The cumulative incidences of grade 2-4 acute GVHD (G24GVHD), CMVR by day 100, and CMV disease by day 365 were 37.3%, 52.1%, and 2.9%, respectively. Patients with G24GVHD were associated with the subsequent development of CMVR, and the presence of CMVR also increased the risk of G24GVHD. In a landmark analysis at day 65, the cumulative incidence of NRM at 1 year was 5.4%, 10.0%, 13.9%, and 19.7% in patients with G24GVHD-/CMVR-, G24GVHD-/CMVR+, G24GVHD+/CMVR-, and G24GVHD+/CMVR+, respectively. In a multivariate analysis, CMVR was respectively associated with an increased risk of NRM by day 365 in patients without G24GVHD (hazard ratio [HR], 1.59; 95% confidence interval [CI], 1.24-2.05; P < .001) and with G24GVHD (HR, 1.34; 95% CI, 1.06-1.70; P = .014), but the interaction between G24GVHD and CMVR was not significant (P = .326).
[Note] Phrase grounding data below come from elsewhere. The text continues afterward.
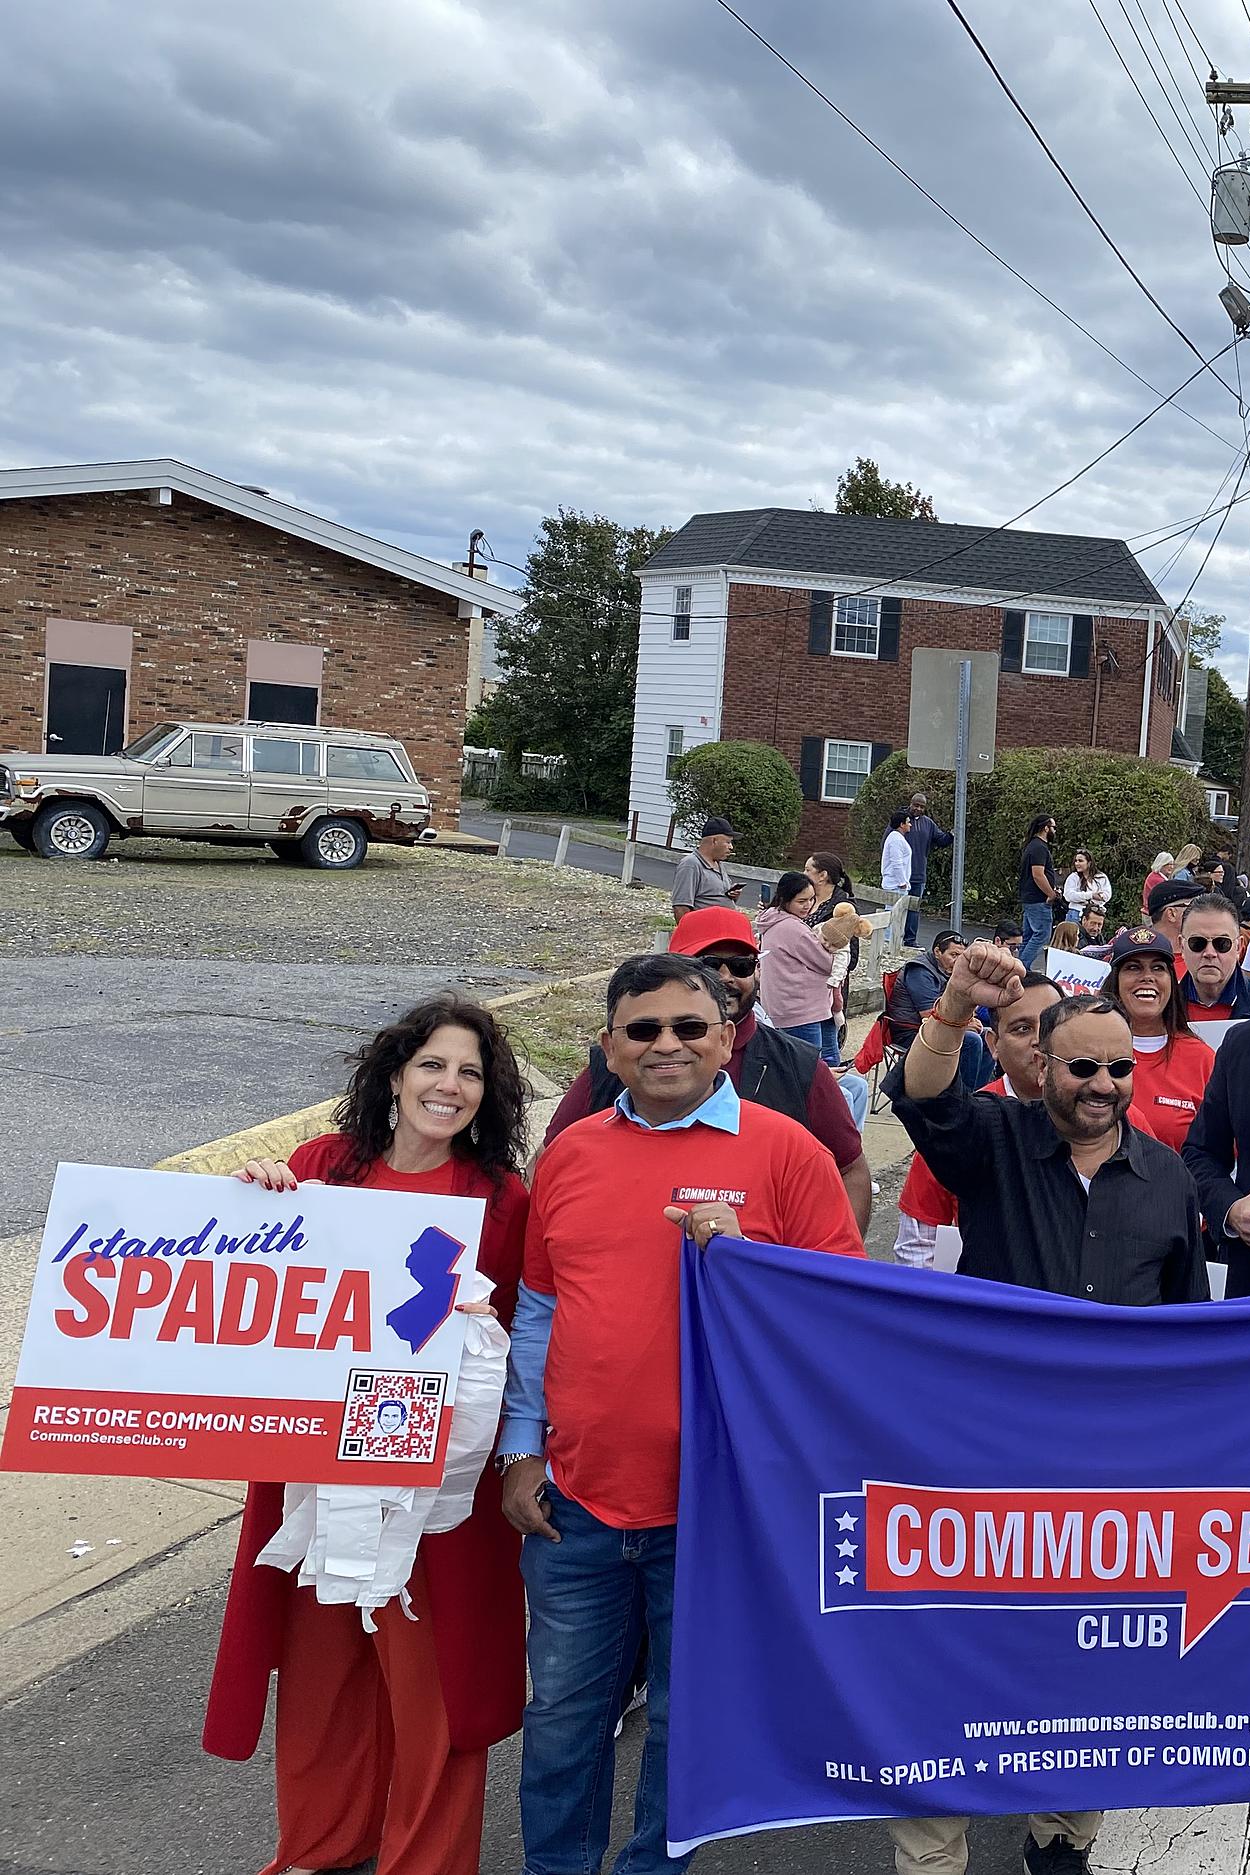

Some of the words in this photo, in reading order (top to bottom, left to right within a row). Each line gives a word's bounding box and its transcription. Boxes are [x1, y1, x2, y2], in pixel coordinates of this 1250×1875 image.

[679, 1187, 718, 1200] COMMON
[718, 1190, 746, 1204] SENSE
[51, 1223, 88, 1263] I
[83, 1217, 218, 1262] stand
[214, 1215, 309, 1255] with
[54, 1252, 372, 1352] SPADEA
[33, 1405, 142, 1428] RESTORE
[145, 1411, 244, 1432] COMMON
[250, 1415, 328, 1435] SENSE.
[30, 1429, 187, 1449] CommonSenseClub.org
[884, 1503, 1173, 1580] COMMON
[1077, 1614, 1168, 1650] CLUB
[825, 1761, 873, 1783] BILL
[879, 1757, 966, 1786] SPADEA
[998, 1748, 1121, 1774] PRESIDENT
[1127, 1747, 1155, 1766] OF
Subgroup analyses suggested that the joint effect of acute GVHD and CMVR might vary according to the baseline characteristics.

CONCLUSIONS

These data regarding the close relationship between acute GVHD and CMVR should provide important implications for the treatment strategy after HCT.

摘要

背景

尽管急性移植物抗宿主病(GVHD)与巨细胞病毒再激活(CMVR)之间存在很强的关联,但急性 GVHD 和 CMVR 对非复发死亡率(NRM)的联合影响尚未得到很好的研究。

方法

我们使用 landmark 方法评估了在发生急性 GVHD 的情况下,CMVR 对 NRM 的影响。这项研究包括了 2008 年至 2017 年间接受过同种异体造血细胞移植(HCT)并采用抢先策略预防 CMVR 的 6078 名患者。

结果

2-4 级急性 GVHD(G24GVHD)、第 100 天 CMVR 和第 365 天 CMV 疾病的累积发生率分别为 37.3%、52.1%和 2.9%。发生 G24GVHD 的患者随后发生 CMVR 的风险增加,而 CMVR 的存在也增加了 G24GVHD 的风险。在第 65 天的 landmark 分析中,在没有 G24GVHD 的患者中,第 1 年的 NRM 累积发生率分别为 G24GVHD-/CMVR-、G24GVHD-/CMVR+、G24GVHD+/CMVR-和 G24GVHD+/CMVR+患者的 5.4%、10.0%、13.9%和 19.7%。在多变量分析中,CMVR 分别与无 G24GVHD 患者第 365 天的 NRM 风险增加相关(风险比[HR],1.59;95%置信区间[CI],1.24-2.05;P<.001)和与 G24GVHD 患者相关(HR,1.34;95%CI,1.06-1.70;P=.014),但 G24GVHD 和 CMVR 之间的交互作用不显著(P=.326)。亚组分析表明,急性 GVHD 和 CMVR 的联合效应可能因基线特征而异。

结论

这些关于急性 GVHD 和 CMVR 之间密切关系的数据,应该为 HCT 后的治疗策略提供重要的启示。